Exercise data Start Marker

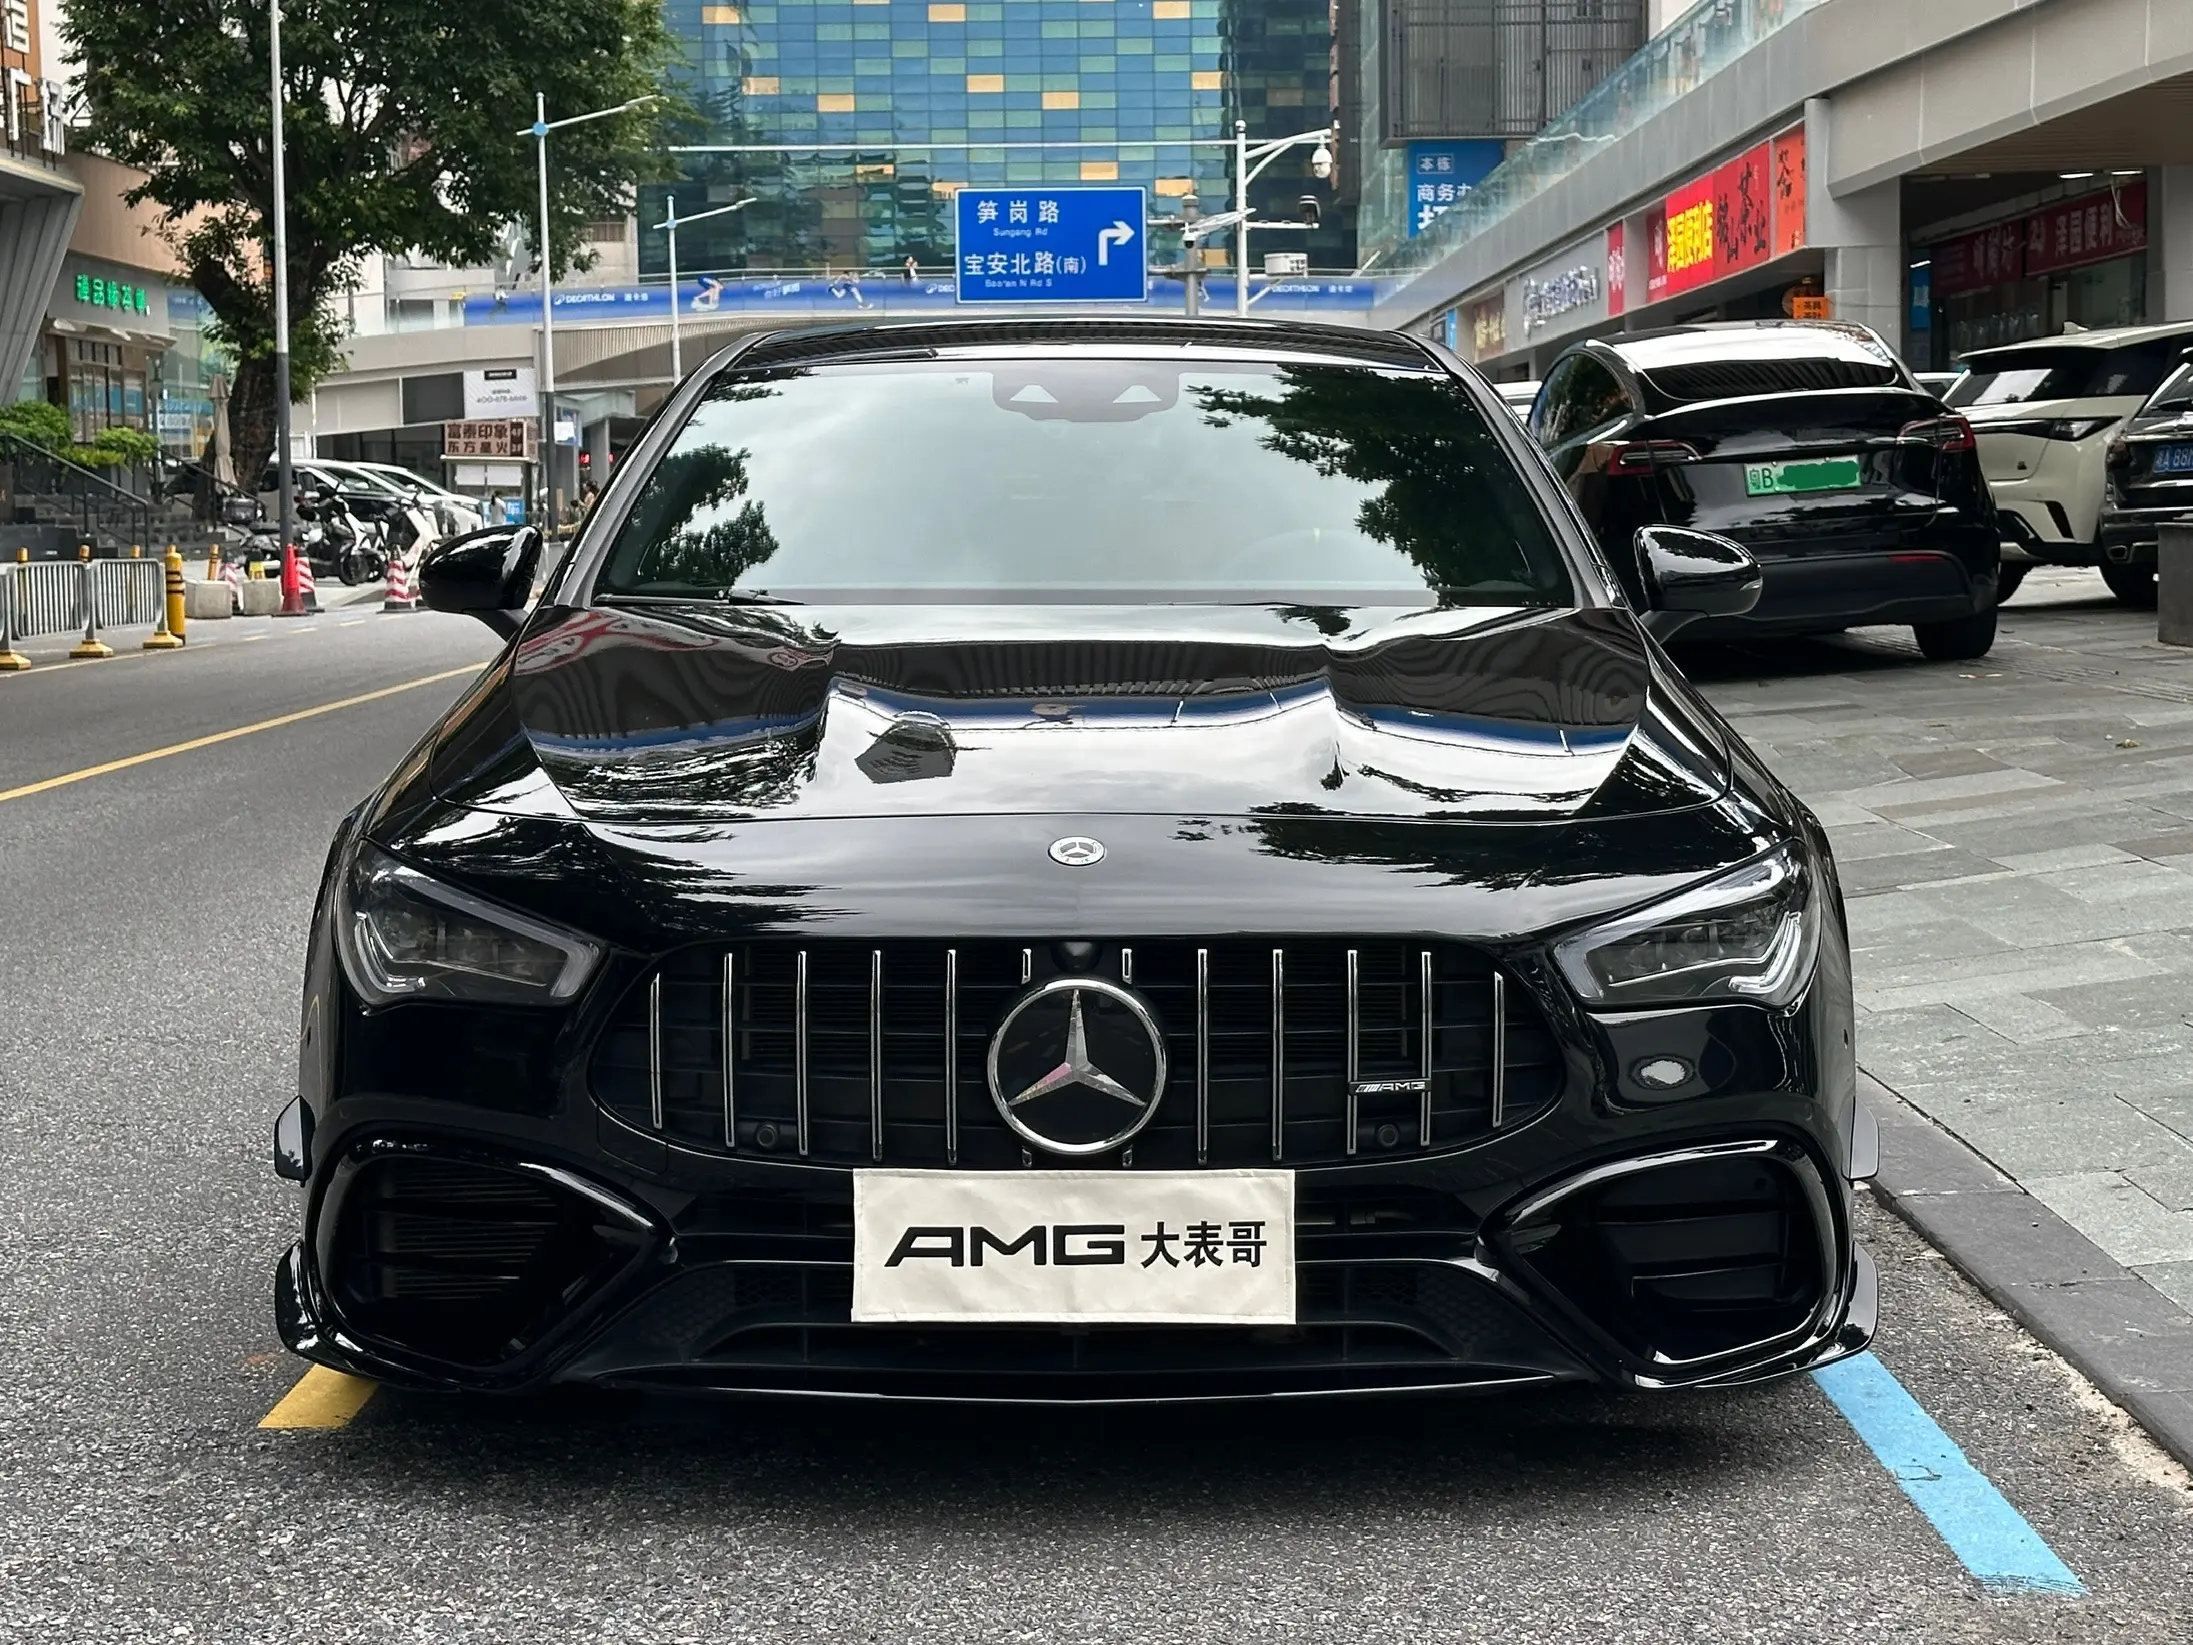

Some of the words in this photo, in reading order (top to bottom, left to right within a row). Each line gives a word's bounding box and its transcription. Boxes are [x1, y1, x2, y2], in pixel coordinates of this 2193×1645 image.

[977, 200, 1060, 224] 笋岗路
[993, 227, 1032, 238] Sungang
[1035, 227, 1048, 236] Rd
[1030, 279, 1042, 287] Rd
[1045, 279, 1053, 287] S
[1378, 1081, 1426, 1093] AMG
[884, 1224, 1126, 1268] AMG
[1140, 1220, 1267, 1269] 大表哥
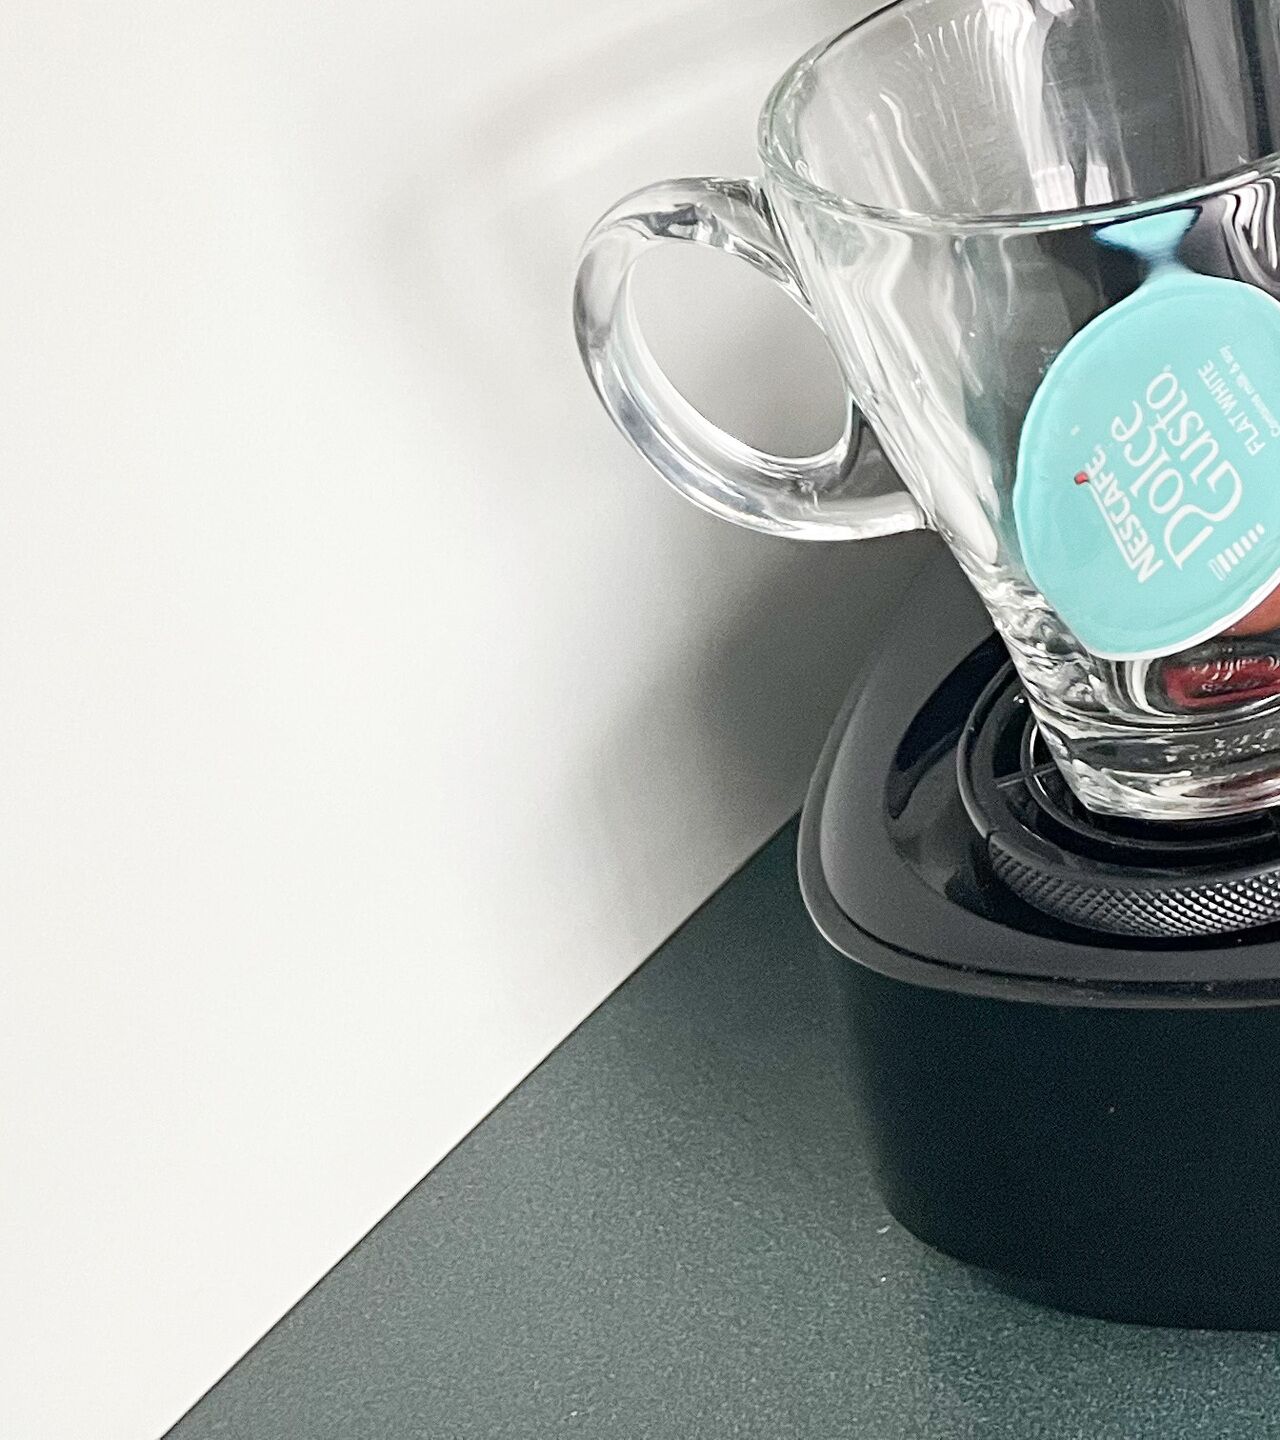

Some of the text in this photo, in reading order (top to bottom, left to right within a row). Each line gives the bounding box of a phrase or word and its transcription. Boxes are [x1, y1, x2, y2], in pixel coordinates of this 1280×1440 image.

[1145, 372, 1243, 522] Gusto
[1197, 359, 1266, 456] FLAT WHITE
[1110, 399, 1214, 571] Dolce
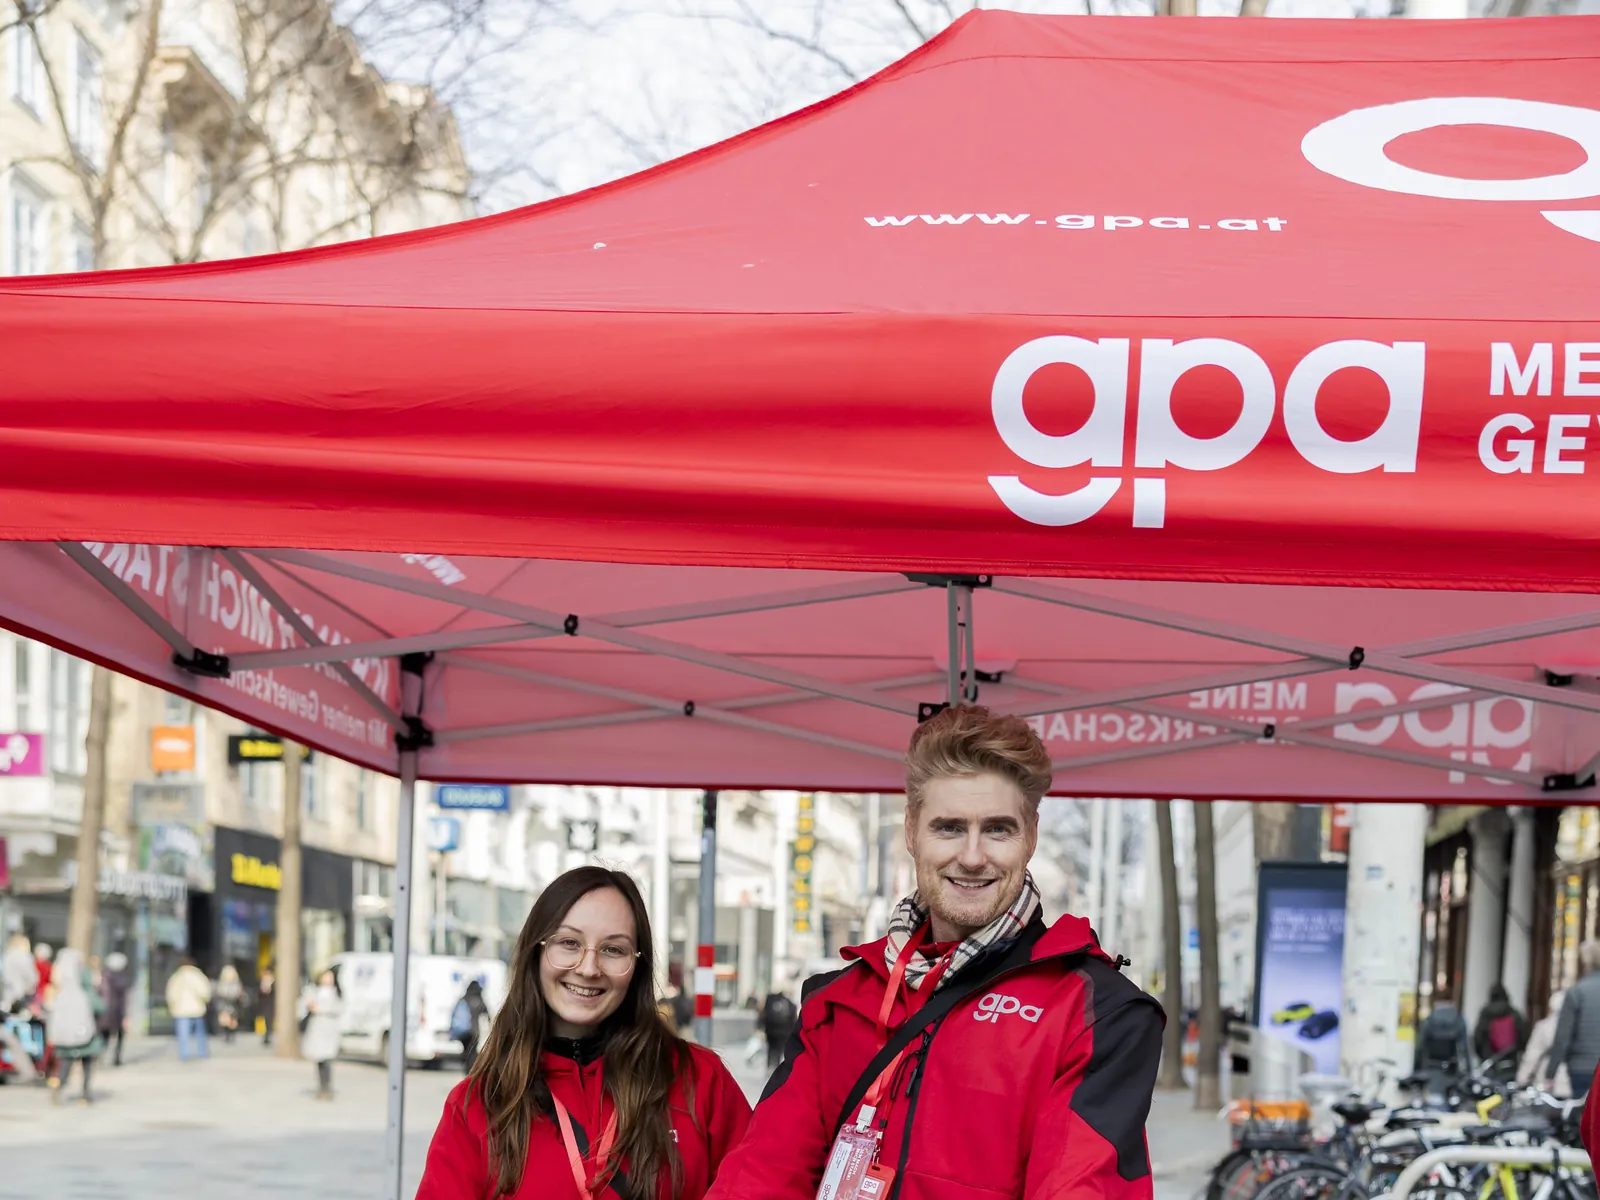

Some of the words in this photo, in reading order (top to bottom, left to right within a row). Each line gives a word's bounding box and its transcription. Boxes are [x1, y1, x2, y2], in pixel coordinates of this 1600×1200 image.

[864, 213, 1287, 232] www.gpa.at
[988, 335, 1425, 528] gpa
[1478, 413, 1600, 474] GE
[973, 993, 1044, 1023] gpa

Exercise data End Marker

* Task instructions
The answer must be the lines from the one containing "this 1600×1200 image." to the final line of the data above, copied exactly, both included, with nothing added.

* Result
Some of the words in this photo, in reading order (top to bottom, left to right within a row). Each line gives a word's bounding box and its transcription. Boxes are [x1, y1, x2, y2], in pixel coordinates of this 1600×1200 image.

[864, 213, 1287, 232] www.gpa.at
[988, 335, 1425, 528] gpa
[1478, 413, 1600, 474] GE
[973, 993, 1044, 1023] gpa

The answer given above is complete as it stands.